Except for the pictures, write out all the records that follow exactly.

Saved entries
↓
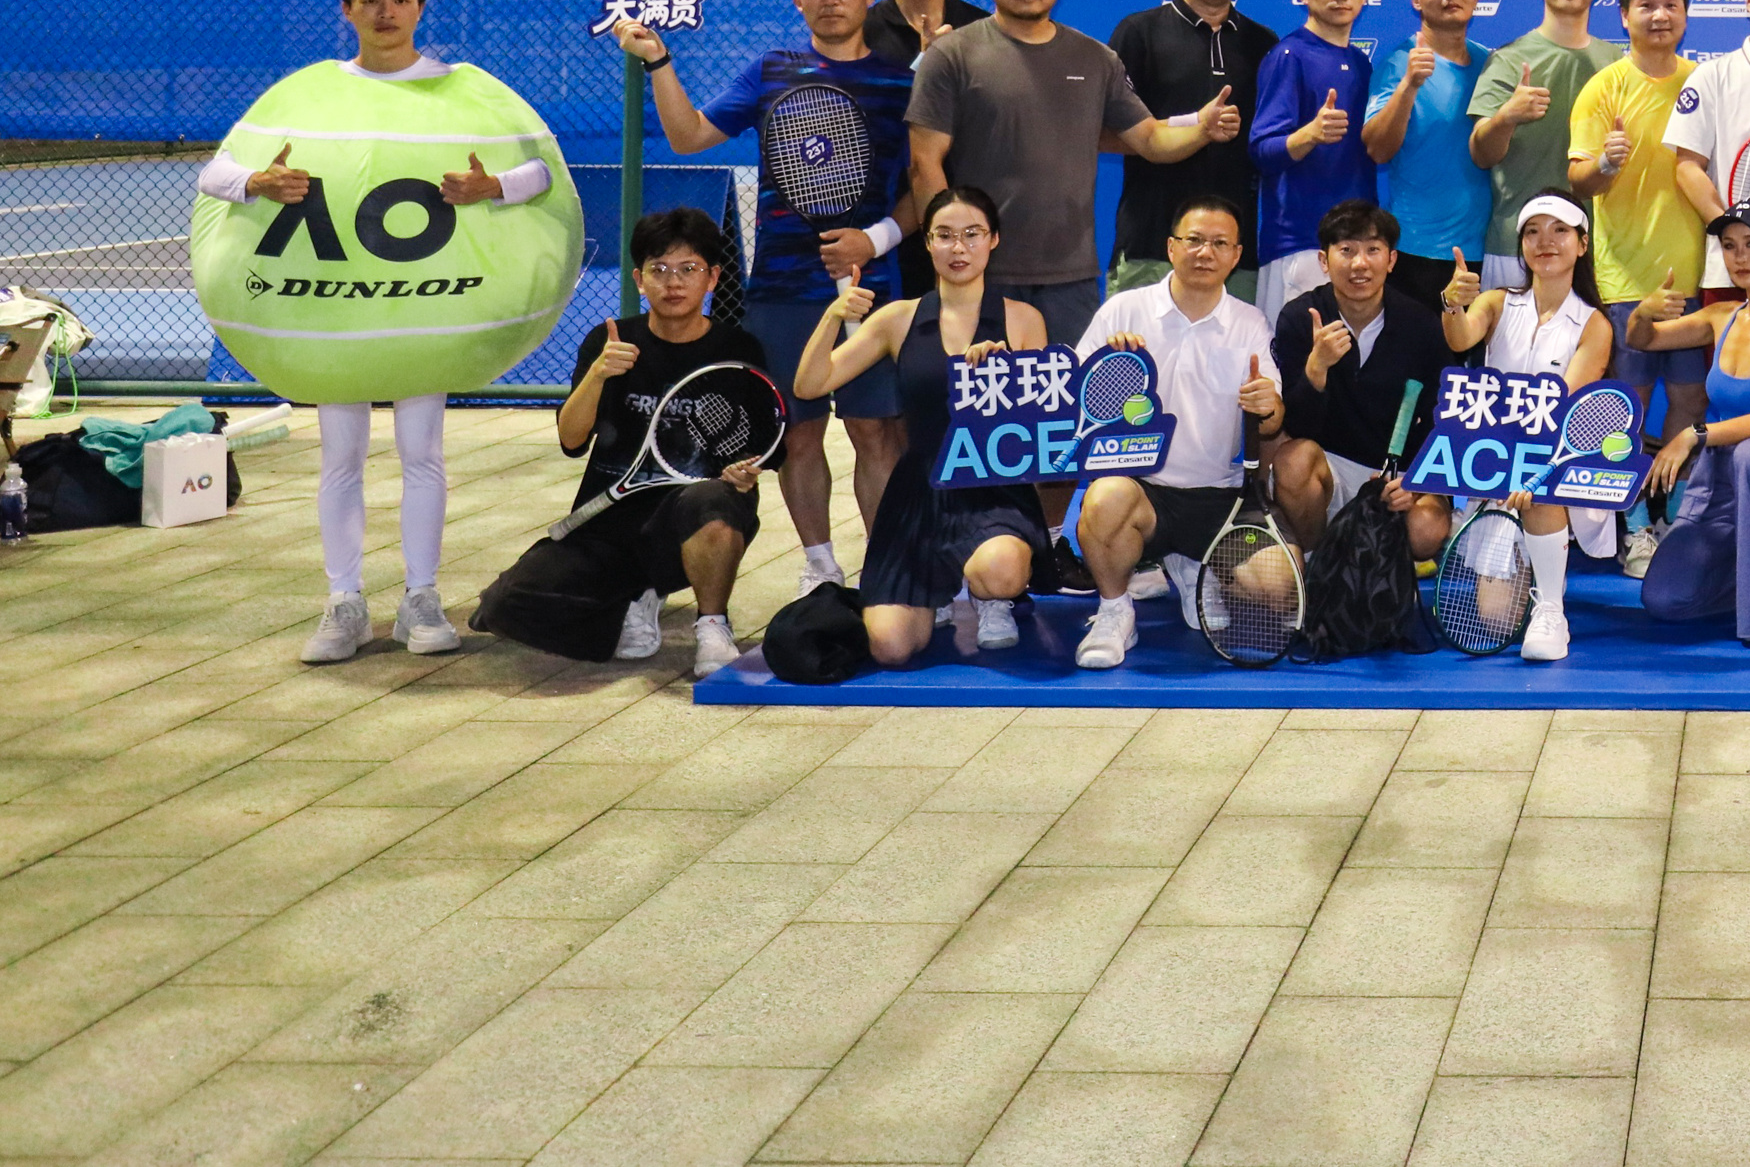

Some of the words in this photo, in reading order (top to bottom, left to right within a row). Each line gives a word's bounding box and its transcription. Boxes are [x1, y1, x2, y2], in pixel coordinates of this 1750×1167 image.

[806, 141, 825, 159] 237
[254, 177, 457, 262] AO
[277, 276, 484, 299] DUNLOP
[954, 352, 1076, 417] 球球
[1440, 373, 1562, 435] 球球
[940, 420, 1078, 481] ACE
[1092, 439, 1119, 455] AO
[1121, 438, 1129, 452] 1
[1129, 436, 1160, 445] POINT
[1127, 443, 1158, 452] SLAM
[1118, 455, 1154, 464] Casarte
[1411, 435, 1554, 495] ACE
[181, 473, 213, 495] AO
[1565, 469, 1592, 484] AO
[1593, 472, 1603, 484] 1
[1603, 473, 1633, 481] POINT
[1599, 479, 1630, 488] SLAM
[1588, 488, 1623, 498] Casarte
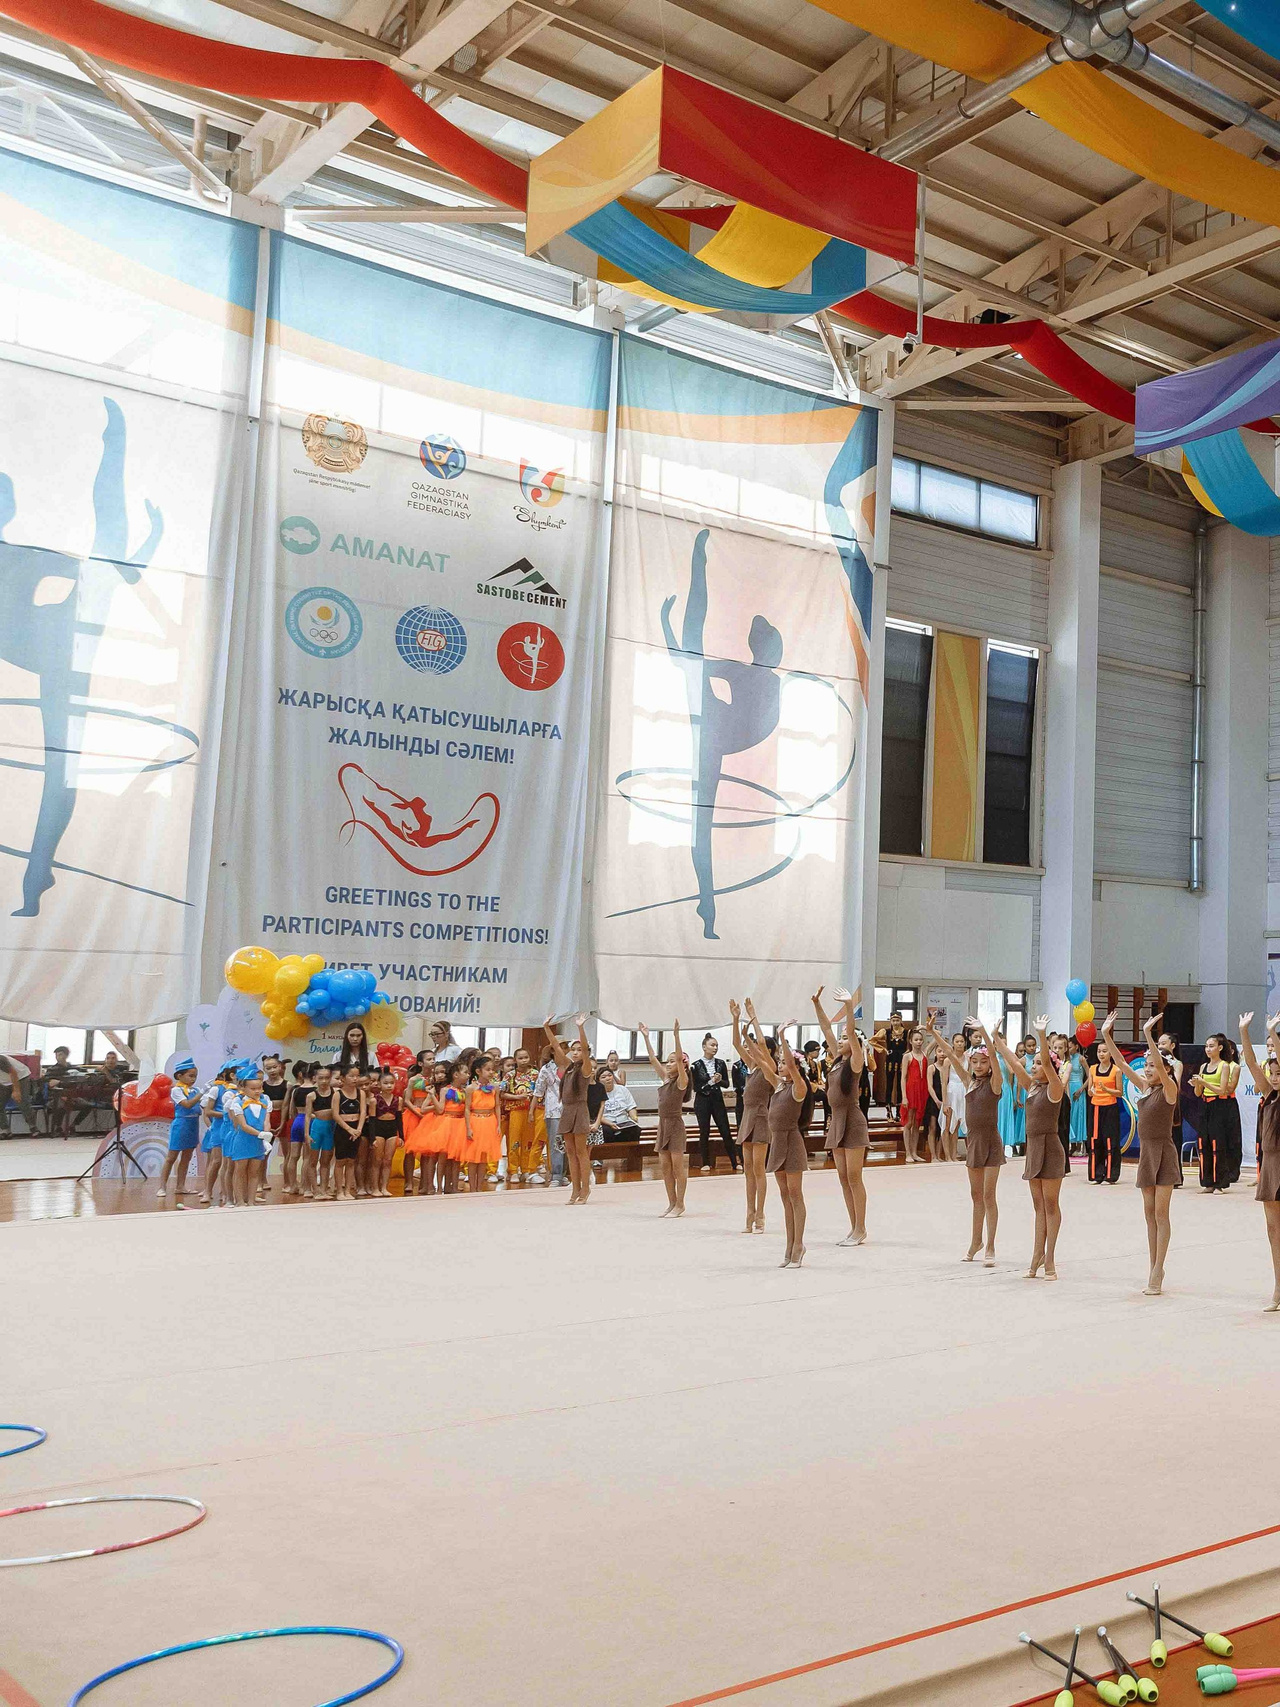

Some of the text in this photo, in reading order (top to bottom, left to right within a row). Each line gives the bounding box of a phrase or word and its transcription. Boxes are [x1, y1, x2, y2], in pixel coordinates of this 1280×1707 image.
↑
#### ANSWER AREA:
Some of the words in this photo, in reading order (top to bottom, left to right within a row). Each line gives a word's bounding box and its transcription. Boxes are [x1, y1, x2, y2], in pixel coordinates of this 1750×1167 image.

[806, 141, 825, 159] 237
[254, 177, 457, 262] AO
[277, 276, 484, 299] DUNLOP
[954, 352, 1076, 417] 球球
[1440, 373, 1562, 435] 球球
[940, 420, 1078, 481] ACE
[1092, 439, 1119, 455] AO
[1121, 438, 1129, 452] 1
[1129, 436, 1160, 445] POINT
[1127, 443, 1158, 452] SLAM
[1118, 455, 1154, 464] Casarte
[1411, 435, 1554, 495] ACE
[181, 473, 213, 495] AO
[1565, 469, 1592, 484] AO
[1593, 472, 1603, 484] 1
[1603, 473, 1633, 481] POINT
[1599, 479, 1630, 488] SLAM
[1588, 488, 1623, 498] Casarte

Some of the text in this photo, in reading order (top to bottom, left to right within a row). Each line gives the bounding box of a phrase or word and its transcription. Boxes are [x1, y1, x2, y2], in pixel coordinates of this 1280×1707 image.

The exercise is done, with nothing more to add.